Re: Letter Satellite blackout – Let’s hope the moaning stops

(1)

Dear Editor,
The first letter you published on February 14 astounds me. I can only assume from the name of its writer that she has “close connections” with Portugal/Portuguese.
Also it would appear that she either does not use EDP for electricity OR she powers up her TV by alternative means, such as gas! I base this assumption on her letter’s penultimate paragraph of “…at last to PAY for their TV…” because, unless I am mistaken, “Contribuição Audiovisual” on all my EDP electricity invoices covers such funding – to my mind it being a far superior method of obtaining payment than that used by the UK, thereby dispensing with “tracker vehicles”, etc.
And “yes” I do belong to the many expats who miss having access to both British radio (except L.B.C on 97.3 FM) and television programmes. It was a means of not only selecting favourites, and I do emphasise “favourites”, for quality/repeats were too regularly to my liking, but it did provide a regular link with “folk back home”, more particularly events similar to the terrible flooding which could affect kith and kin.
Richard Thurman, Armação de Pêra

(2)

Dear Editor,
I feel compelled to respond to the rather cynical letter from Sylvia Conceição (last week’s edition) but I must say initially how impressed I am at her command of the English language. A shame she has her facts wrong in several areas.
Living in Portugal, we do pay for our television, regardless of which channels we watch, through our electricity bills. The quality of Portuguese television leaves much to be desired compared to British output and that may explain so many English programmes with Portuguese subtitles.
The reason we shop at Iceland is because we have yet to find a Portuguese butcher who sells decent meat. Many Portuguese also shop at Iceland, presumably for the same reason.
Many British expats are heavily involved in the local community and contribute substantially to the economy and to local charities. Indeed, since we first started coming to the Algarve over 30 years ago we have seen great changes for the better, largely helped both physically and financially by immigrants. Now stop the moaning and learn to live together.
Derek Barker, Almancil

(3)

Dear Editor,
The letter from Senhora Conceição last week only showed her bias (hatred?). There is much on BBC to watch. Frankly, it is much better than Portuguese TV; even the BBC weather maps, when they cover Portugal, are better, and what does Senhora Conceição think the Portuguese in the UK watch, or the substantial Asian population? Indeed, the BBC produce Asian programmes.
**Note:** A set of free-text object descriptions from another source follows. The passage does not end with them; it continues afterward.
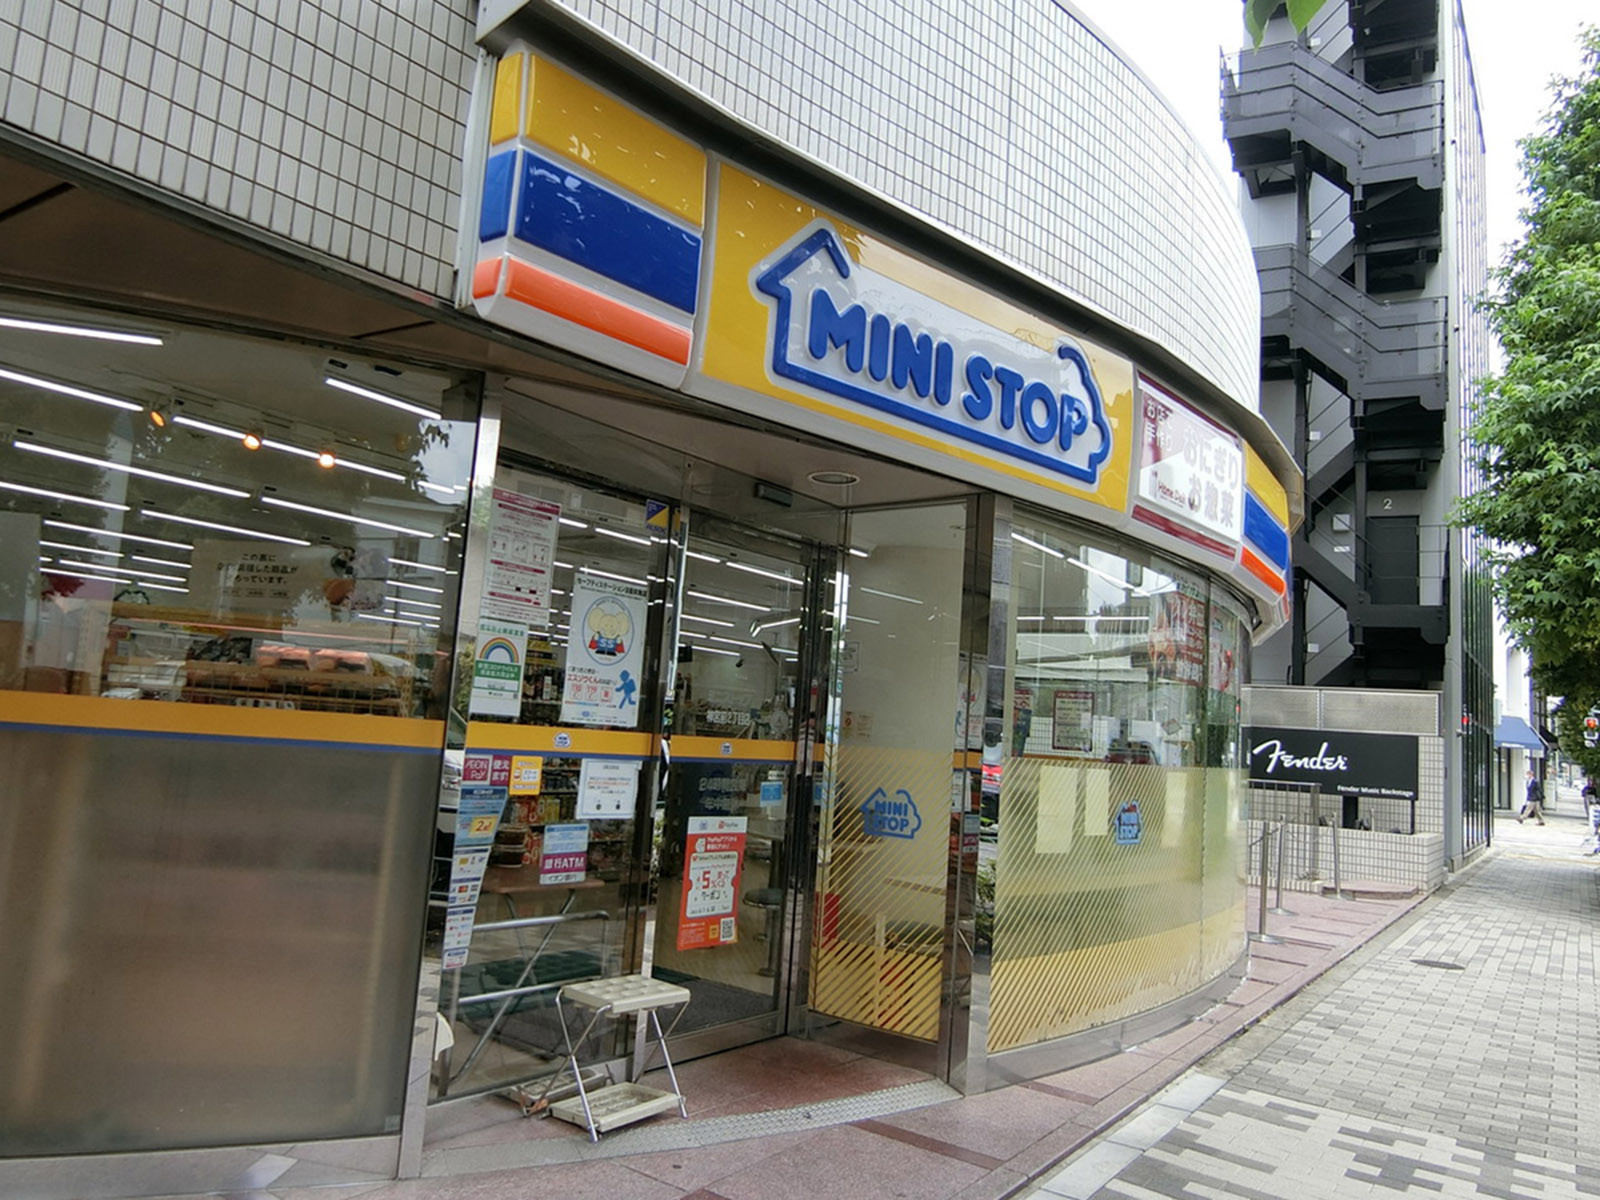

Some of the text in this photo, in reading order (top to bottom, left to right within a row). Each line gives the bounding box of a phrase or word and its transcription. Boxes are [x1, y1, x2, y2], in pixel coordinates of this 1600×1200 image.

[808, 288, 1088, 451] MINI STOP
[1183, 424, 1239, 491] おにぎり
[1383, 498, 1393, 510] 2
[1252, 739, 1348, 774] Fender
[875, 801, 908, 816] MINI
[545, 856, 585, 870] 銀行ATM
[702, 871, 711, 889] 5
BBC 1 and 2 have many outstanding news and factual programmes and one can learn much from BBC4.
Independent CH.4 has good news coverage and its documentaries like Dispatches and the ground-breaking Food Hospital are outstanding.
Although not a UK channel, though they do have a London studio, Aljazeera is very good, both for news and factual programmes. A measure of how good, unbiased it is, is the fact that many corrupt governments, elites, expel Aljazeera journalists or imprison them. Four are in jail in Egypt at present.
As far as Senhor Xabregas’ comments regarding GNR: the GNR are not police, they are a military group and are not trained in policing. They are simply there to collect fines (tax) for the government. In the UK, even Police Community Support Officers (not police) are better. The traffic Brigada should be trained to police, as in the UK for example (specialists). The problem is the system, politicians.